Pregnancy loss can be a traumatic event, both emotionally and physically. It takes some time for your body to recover after a miscarriage.

Home pregnancy tests detect a hormone called human chorionic gonadotropin (hCG) in your urine. hCG is present in your body in appreciable amounts only when you fall pregnant and increases predictably as your pregnancy progresses.

But what happens to hCG and other hormones once the pregnancy ends due to a miscarriage? Can you still get a positive pregnancy test even after a miscarriage? In this article, we will try to answer these very questions. We will look at what happens to your hCG levels after a miscarriage and cover some of the most commonly asked questions about miscarriage and pregnancy tests after miscarriage.

How long after a miscarriage are your hCG levels high?
How long after a miscarriage do your hCG levels remain high?

How Do hCG Levels Change After a Miscarriage?

All at-home pregnancy tests, including affordable and reliable Fertility2Family home pregnancy tests, confirm pregnancy by detecting hCG in your urine. While a trace amount of hCG can be produced in your body even when you are not pregnant, the level increases after you conceive. Peak hCG concentration reaches around the 8th to 10th week of pregnancy.

If you lose your pregnancy due to a miscarriage, your body will stop producing hCG, and its level will gradually decline to pre-pregnancy.

Like any other hormone, the hCG level in the body after conception can vary greatly from woman to woman. However, there is a ‘normal’ range of hCG for each stage of your pregnancy. How long it takes for the hCG to fall to pre-pregnancy levels will depend on several factors, including the initial level of the hormone in your body during the very early stages of pregnancy. Similarly, the time that is taken for your body to return to the pre-pregnancy level of hormones also depends on how far along you were in your pregnancy before the miscarriage.

In the unfortunate event of a miscarriage, the level of hCG will decline. However, if your hCG is not dropping following the event, it might indicate a serious health problem like molar pregnancy, and you should immediately consult your OBGYN.

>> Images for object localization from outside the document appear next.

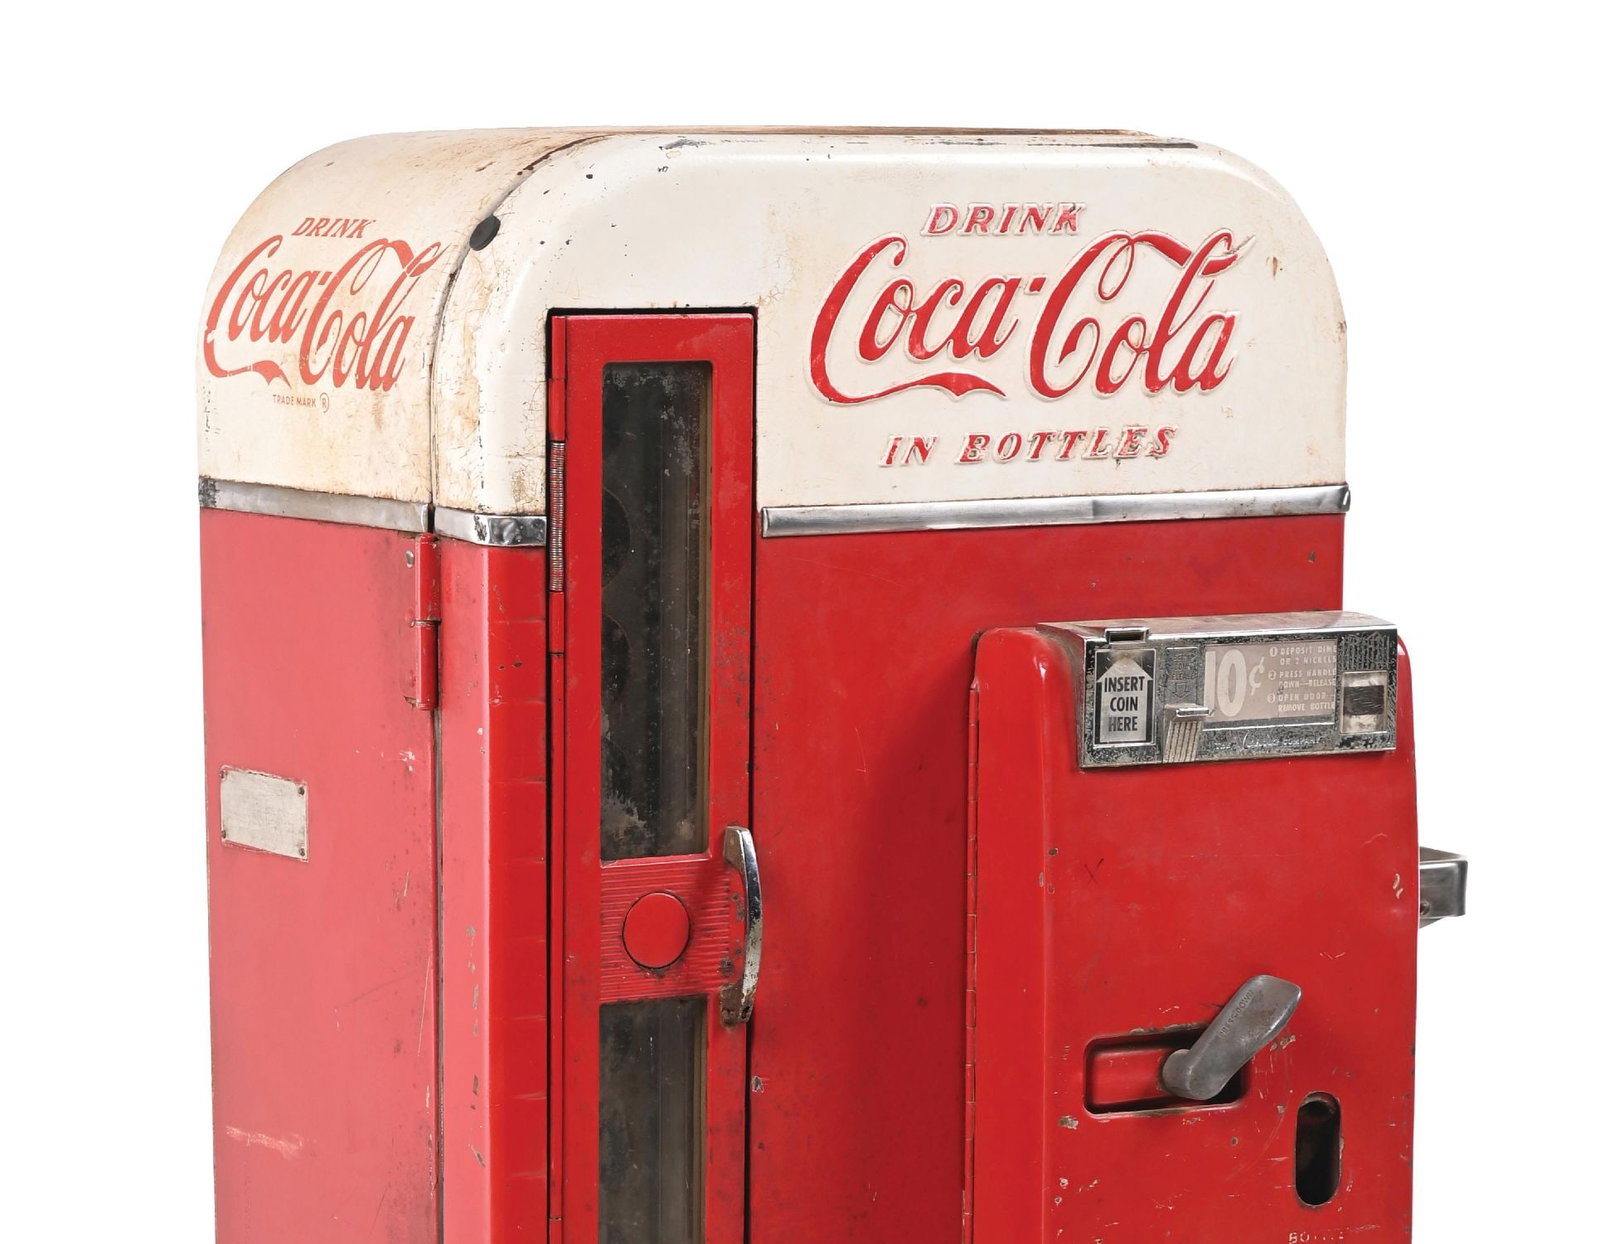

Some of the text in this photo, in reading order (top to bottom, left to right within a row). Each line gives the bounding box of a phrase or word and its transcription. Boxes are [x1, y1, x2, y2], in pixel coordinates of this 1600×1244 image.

[921, 202, 1085, 236] DRINK
[291, 217, 376, 239] DRINK
[203, 234, 449, 392] Coca-Cola
[806, 228, 1257, 405] Coca-Cola
[272, 394, 295, 406] TRADE
[296, 396, 317, 408] MARK
[879, 424, 1179, 467] IN BOTTLES
[1280, 646, 1313, 655] DEPOSIT
[1317, 645, 1337, 653] DIME
[1303, 655, 1337, 664] NICKELS
[1279, 670, 1303, 678] PRESS
[1306, 668, 1336, 677] HANDLE
[1104, 676, 1145, 692] INSERT
[1110, 696, 1138, 712] COIN
[1278, 693, 1299, 702] OPEN
[1278, 701, 1336, 712] REMOVE BOTTLE
[1108, 716, 1138, 732] HERE

How Long Will I Get My Pregnancy Test Positive After Miscarriage?

The time required to get the hCG levels to such low levels that the pregnancy test won’t be able to detect it will depend on how far along you were and what kind of pregnancy you had. It might take six weeks for the hCG levels to return to pre-pregnancy. If you suffer from a miscarriage early in your pregnancy, the time can be significantly shorter.

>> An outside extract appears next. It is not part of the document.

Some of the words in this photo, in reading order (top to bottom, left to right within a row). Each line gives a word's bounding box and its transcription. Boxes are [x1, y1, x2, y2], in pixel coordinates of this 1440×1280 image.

What Happens in a Chemical Pregnancy & Early Miscarriage?

An early loss of pregnancy soon after implantation won’t affect your hormones significantly, and you can expect your hCG levels to drop to a normal level within days. Even if the hormones’ levels were high enough to detect pregnancy, they would decline rapidly without successful implantation.

When a Miscarriage Happens Later in Pregnancy

Once the implantation is successful, your hCG levels double every 2-3 days during the early phase of the pregnancy. The peak levels reach around week ten, and after that, the levels pretty much plateau. If you miscarry later in your pregnancy, you have a lot of hCG in your blood; hence, it will take a long time for your body to flush it out.

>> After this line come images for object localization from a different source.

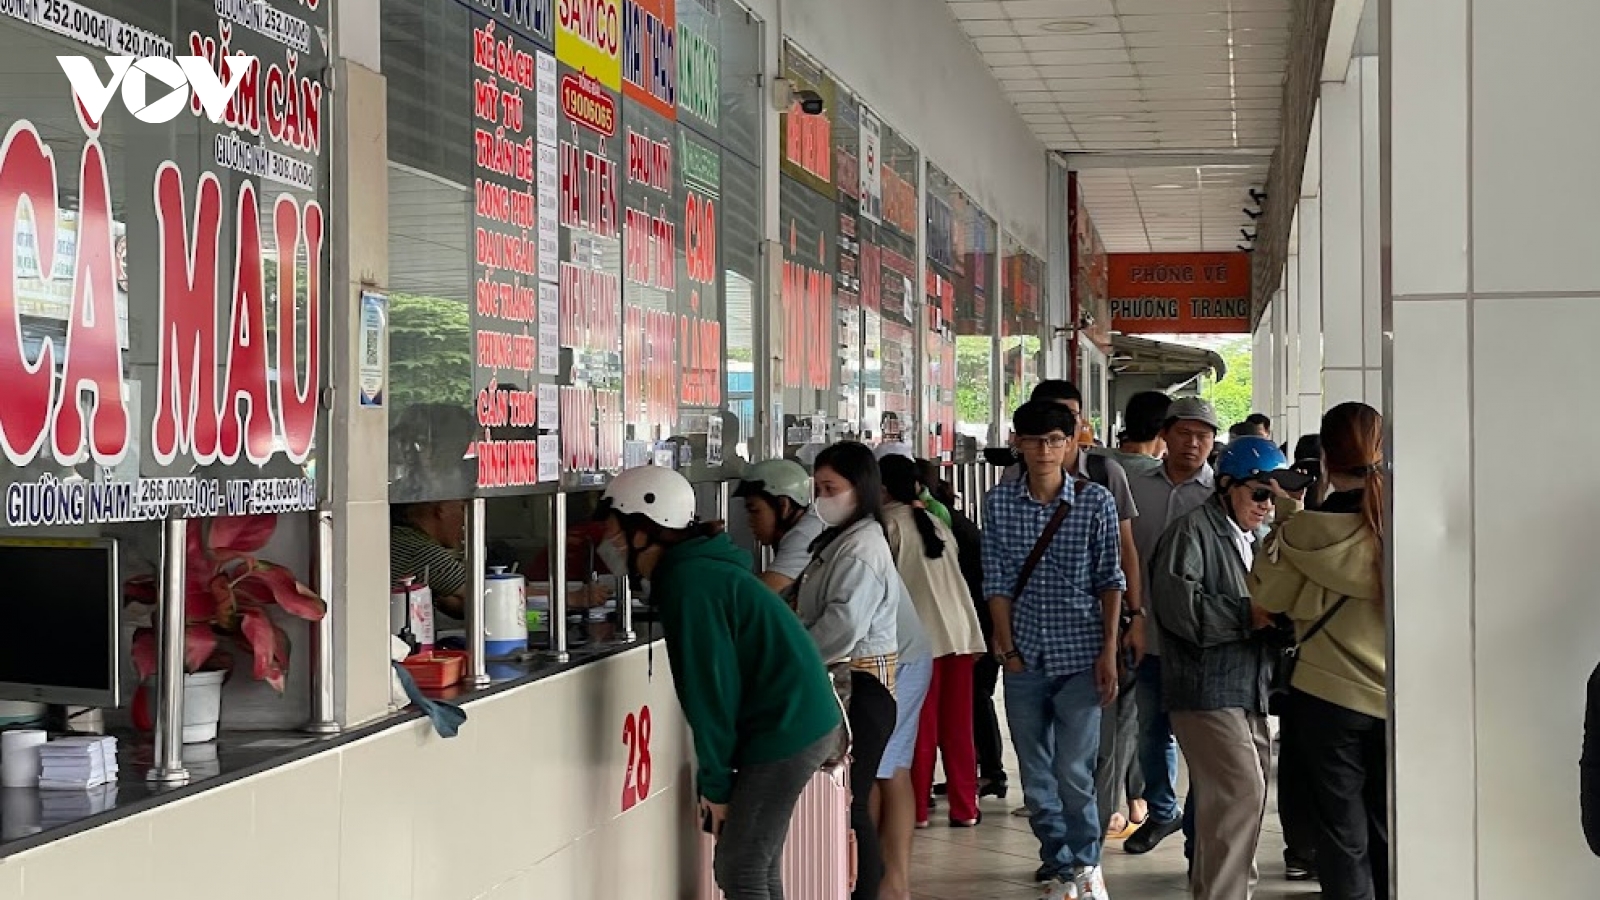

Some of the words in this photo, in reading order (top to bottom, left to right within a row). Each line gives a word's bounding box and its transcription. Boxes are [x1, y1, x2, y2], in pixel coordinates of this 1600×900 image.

[473, 19, 495, 73] KẾ
[497, 35, 534, 90] SÁCH
[557, 0, 619, 60] SAMCO
[265, 48, 322, 155] CĂN
[474, 76, 498, 123] MỸ
[501, 87, 523, 132] TÚ
[563, 85, 613, 131] 19006065
[475, 178, 509, 224] LONG
[510, 184, 535, 230] PHÚ
[560, 120, 582, 228] HÀ
[584, 135, 621, 240] TIÊN
[626, 196, 651, 287] PHÚ
[651, 203, 677, 293] TÂN
[686, 191, 716, 285] CAO
[153, 160, 324, 466] MAU
[476, 267, 498, 318] SÓC
[1110, 295, 1179, 320] PHƯƠNG
[1189, 297, 1247, 320] TRANG
[477, 376, 509, 427] CẦN
[507, 438, 537, 486] MINH
[6, 471, 85, 525] GIƯỜNG
[621, 705, 651, 812] 28
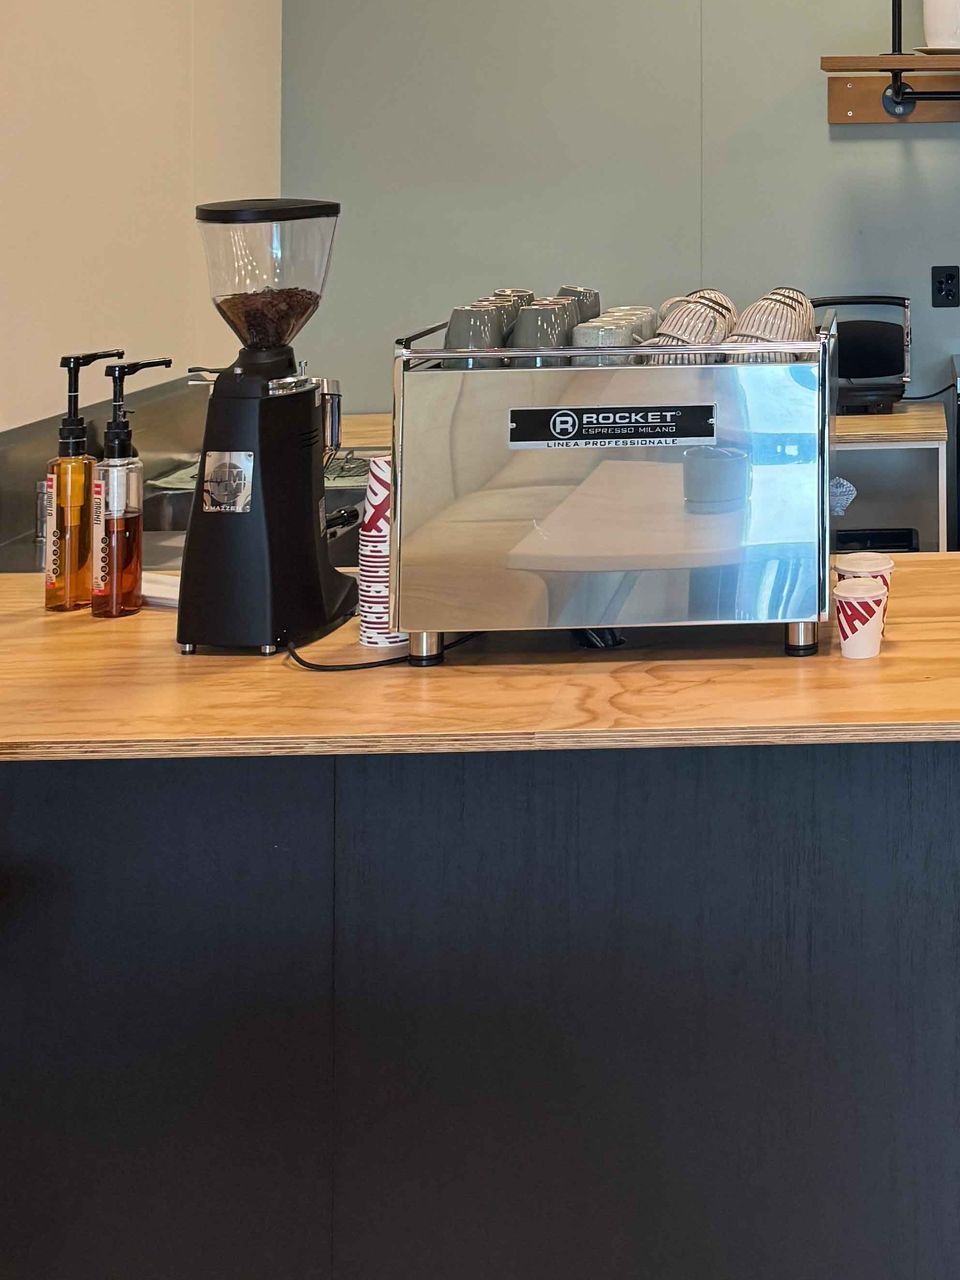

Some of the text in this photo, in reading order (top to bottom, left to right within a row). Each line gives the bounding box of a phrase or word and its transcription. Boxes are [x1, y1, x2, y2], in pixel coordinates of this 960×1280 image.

How Soon Can You Get Pregnant After a Miscarriage?
How Soon Can You Get Pregnant After a Miscarriage?

When Should You Start Trying to Conceive Again?

Some doctors in Australia might suggest waiting for several weeks before trying to get pregnant again after a miscarriage. However, no scientific data is backing this theory. Several factors determine when you should start trying to conceive after a pregnancy loss, including your mental and physical health and medical history.

As miscarriage can take as much a mental toll as physical, you must be in the right frame of mind before you start trying again. Physiologically, once the hCG levels are back to the baseline, your body is ready to get pregnant again. As we said before, there is no empirical scientific evidence to extend the wait; however, you should always take as much time as you want before you start trying again.

Is There Any Advantage in Waiting?

Your doctor might want you to wait before trying again to let your body heal. It might take a few weeks for your body to physically recover from the trauma of a miscarriage and get hormonal regulation back on track.

Waiting for a few weeks might also allow you to mentally deal with the emotional aftermath of such a painful event.

How Do You Avoid False-Positive Pregnancy Tests?

As we have discussed, your hCG levels might take a few weeks to return to the pre-pregnancy state. By taking a home pregnancy test during this time, you risk getting a false-positive result.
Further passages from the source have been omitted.